WINNER, S.D. - The Winner School District and the American Indian community reached an agreement that will settle a class-action lawsuit against the school district.
The lawsuit included all American Indian students who attended the Winner district school system. The lawsuit charged the school district with improper disciplinary actions against the American Indian students in middle and high school.
''This groundbreaking settlement agreement is a major step toward ensuring that our children have the best educational opportunities possible,'' said Rodney Bordeaux, president of the Rosebud Sioux Tribe.
Winner is located within the original boundaries of the Rosebud Reservation and one of the tribe's districts lies within the city.
The American Civil Liberties Union conducted a survey and filed the lawsuit on behalf of several plaintiffs in 2006. The ACLU calls the school's action the ''school-to-prison pipeline.'' Many middle school children were felons before ever entering high school and the dropout rate reflected that method of discipline.
American Indian students complained they were ridiculed and called derogatory names by non-Indian students. When the students fought, it was the American Indian student who was disciplined, the students and ACLU attorneys said.
''Across the nation, education for Native American youth is in crisis. In Winner School District, Native American students drop out of school, transfer to other districts or are sent to detention facilities at rates far higher than white students,'' said Catherine Kim, attorney for the ACLU.
''We are pleased that the Winner School District has agreed to take proactive steps to support Native American students. It is our hope that the district can serve as a model for other communities serving minority students,'' Kim said.
The settlement agreement was worked out between the Winner School Board and the plaintiff's attorneys, tribal officials and family members of the plaintiffs.
''Our goal was to act in the best way possible for all children of this district and move on,'' said Rocky Blare, president of the Winner School Board.
''With this settlement, we have welcomed the opportunity to provide visibility into our disciplinary policies and our cultural diversity.''
Many students transferred to other schools. The Todd County School, in Mission, which is on the Rosebud Reservation, received some of the students. Additional dormitory space was planned to accommodate that increase.
Students claimed they were harassed and called names. One student said he was called a ''dirty raunchy Indian.'' He was punished for a confrontation with the name caller, but school records show the name caller was not punished.
The same student was accused of gang activity with a gang in Rapid City some 220 miles away. The student said he was never in Rapid City. He was suspended once for drawing a medicine wheel and writing ''Native Pride'' in a notebook.

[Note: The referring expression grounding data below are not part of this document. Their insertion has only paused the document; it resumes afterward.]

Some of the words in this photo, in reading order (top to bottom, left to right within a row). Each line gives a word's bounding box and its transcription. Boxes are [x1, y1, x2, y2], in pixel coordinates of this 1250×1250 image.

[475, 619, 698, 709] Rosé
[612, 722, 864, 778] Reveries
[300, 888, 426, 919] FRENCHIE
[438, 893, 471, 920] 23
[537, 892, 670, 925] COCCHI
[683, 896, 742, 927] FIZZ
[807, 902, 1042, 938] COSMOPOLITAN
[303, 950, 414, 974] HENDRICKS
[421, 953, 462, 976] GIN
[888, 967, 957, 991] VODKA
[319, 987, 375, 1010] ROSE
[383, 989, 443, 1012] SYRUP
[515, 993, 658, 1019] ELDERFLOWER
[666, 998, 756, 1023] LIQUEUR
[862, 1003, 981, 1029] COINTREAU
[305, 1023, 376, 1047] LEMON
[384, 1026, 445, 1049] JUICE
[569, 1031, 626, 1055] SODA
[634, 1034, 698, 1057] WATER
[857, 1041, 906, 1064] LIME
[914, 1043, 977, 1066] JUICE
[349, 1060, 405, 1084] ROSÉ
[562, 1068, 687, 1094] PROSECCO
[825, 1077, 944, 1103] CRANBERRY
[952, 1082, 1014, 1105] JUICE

Other students who wrote ''Native Pride,'' or drew the image of pipes or pictures of coyotes or feathers were also disciplined and accused of gang activity.
Many times parents had no idea their child was in trouble until they received a call from the police or juvenile court. Many times the children are interrogated by school officials without the benefit of a parent or guardian present.

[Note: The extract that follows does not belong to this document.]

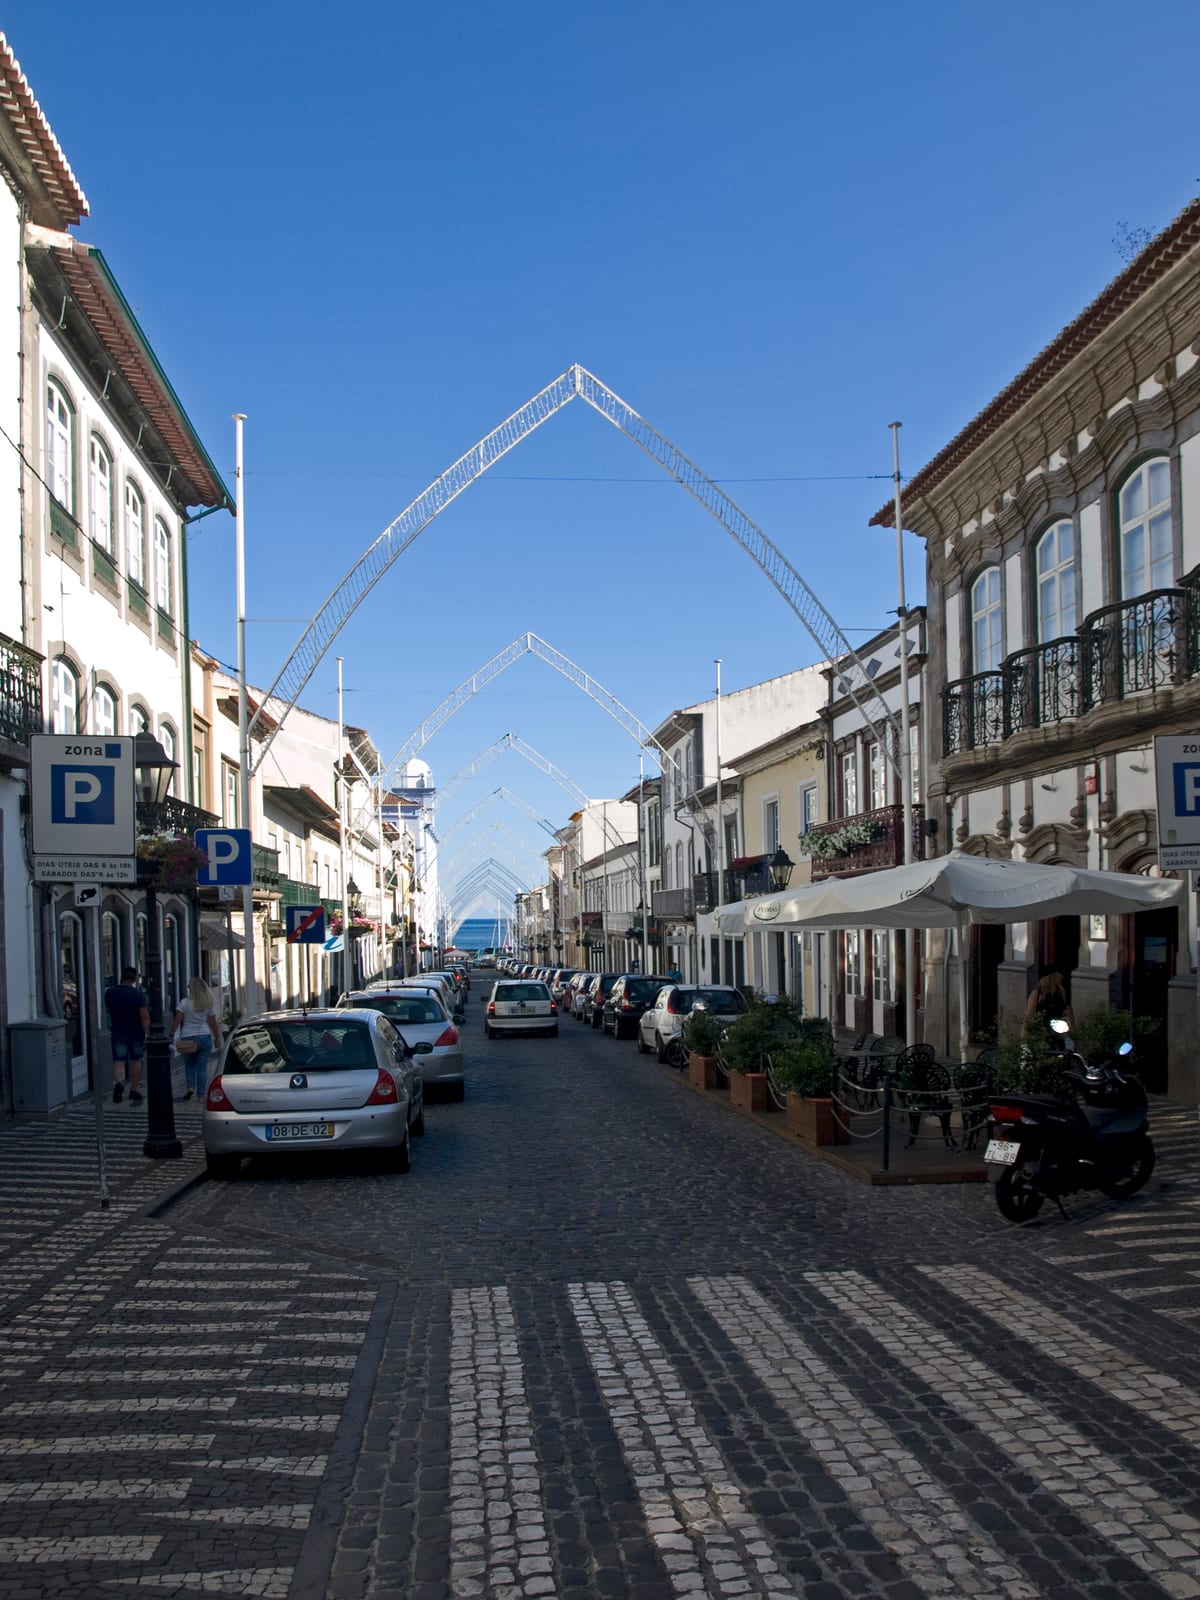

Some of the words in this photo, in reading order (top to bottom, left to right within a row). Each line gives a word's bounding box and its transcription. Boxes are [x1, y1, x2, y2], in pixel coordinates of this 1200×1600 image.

[64, 745, 103, 756] zona
[64, 772, 102, 818] P
[207, 834, 240, 881] P

The out-of-school suspension for American Indian students was 59 percent, for other students, 25 percent. In-school suspension for American Indian students was 85 percent.
The complaint argued that the school district discriminated against the American Indian students, and were hostile toward their families. Statements taken from the students involving the disciplinary matters were later used to prosecute them in either juvenile or criminal courts.

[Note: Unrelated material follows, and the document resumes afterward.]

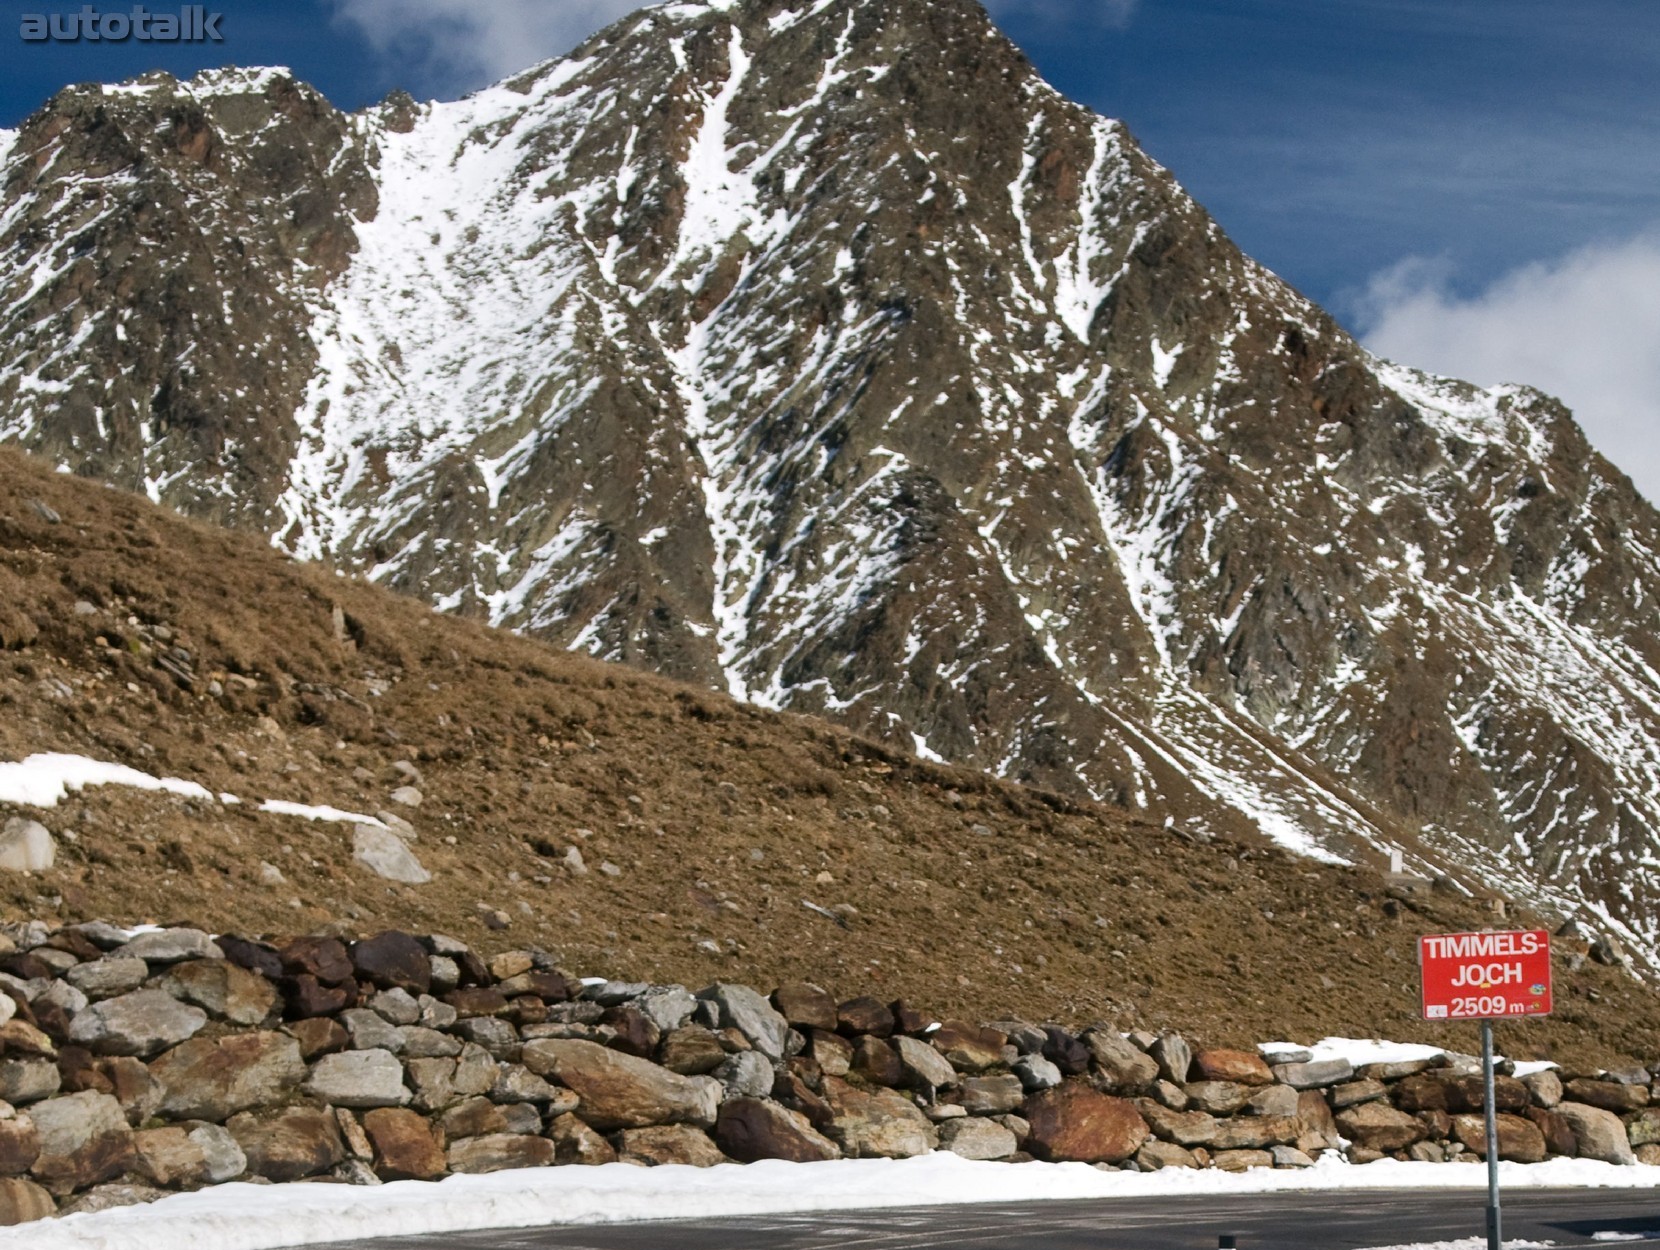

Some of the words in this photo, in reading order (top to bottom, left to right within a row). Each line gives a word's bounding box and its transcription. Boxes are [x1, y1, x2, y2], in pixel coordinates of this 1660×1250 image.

[1424, 933, 1547, 959] TIMMELS-
[1451, 962, 1523, 987] JOCH
[1451, 996, 1506, 1017] 2509
[1509, 1002, 1525, 1014] m

The school district denied any wrongdoing, but agreed to enter into the settlement discussions, which were mediated by U.S. Magistrate Judge John E. Simko. The agreement will avoid a lengthy and expensive litigation, both sides claim.
The settlement agreement will be in effect until the district complies with the terms for four consecutive years. The federal district court will have jurisdiction over this agreement. The agreement becomes effective when the parties sign a consent decree and when any objections are absolved.
School district agrees to changes in discipline practices
The Winner School District, located adjacent to the Rosebud Sioux Tribe Reservation has agreed to change the methods of disciplining American Indian students.
A lawsuit against the district prompted the parties to arrange a settlement agreement that contains stipulations the district must follow while it is under the jurisdiction of the U.S. District Court.
Past school disciplinary procedures led many American Indian students to leave school, and many were subjected to juvenile court. It was referred to as the ''school-to-prison pipeline.''
The school district must adhere to the following conditions:
* School officials will not require students to write statements that can be used to prosecute them in court.
* The district will hire a full-time ombudsman, nominated by the collective American Indian community, to serve as a liaison between American Indian families and school officials.
* An educational professional will work with school officials and American Indian families to set benchmarks to improve graduation rates, reduce levels of suspension and school-based arrests, and improve the overall climate for American Indian students.
* A committee made up of school officials and parents will review all disciplinary incidents every quarter for racial disparities and if the disparities are found without explanation, the committee will recommend policy changes.
* The Interwest Equity Assistance Center, funded by the U.S. Department of Education, will provide trainings for Winner students on conflict resolution and training for teachers on unconscious racial bias and educational equity.
* The schools will include American Indian themes in the mainstream curriculum, in-school activities and after-school activities. Additionally, the district will offer American Indian culture, history and language class in the high school, taught by an American Indian instructor.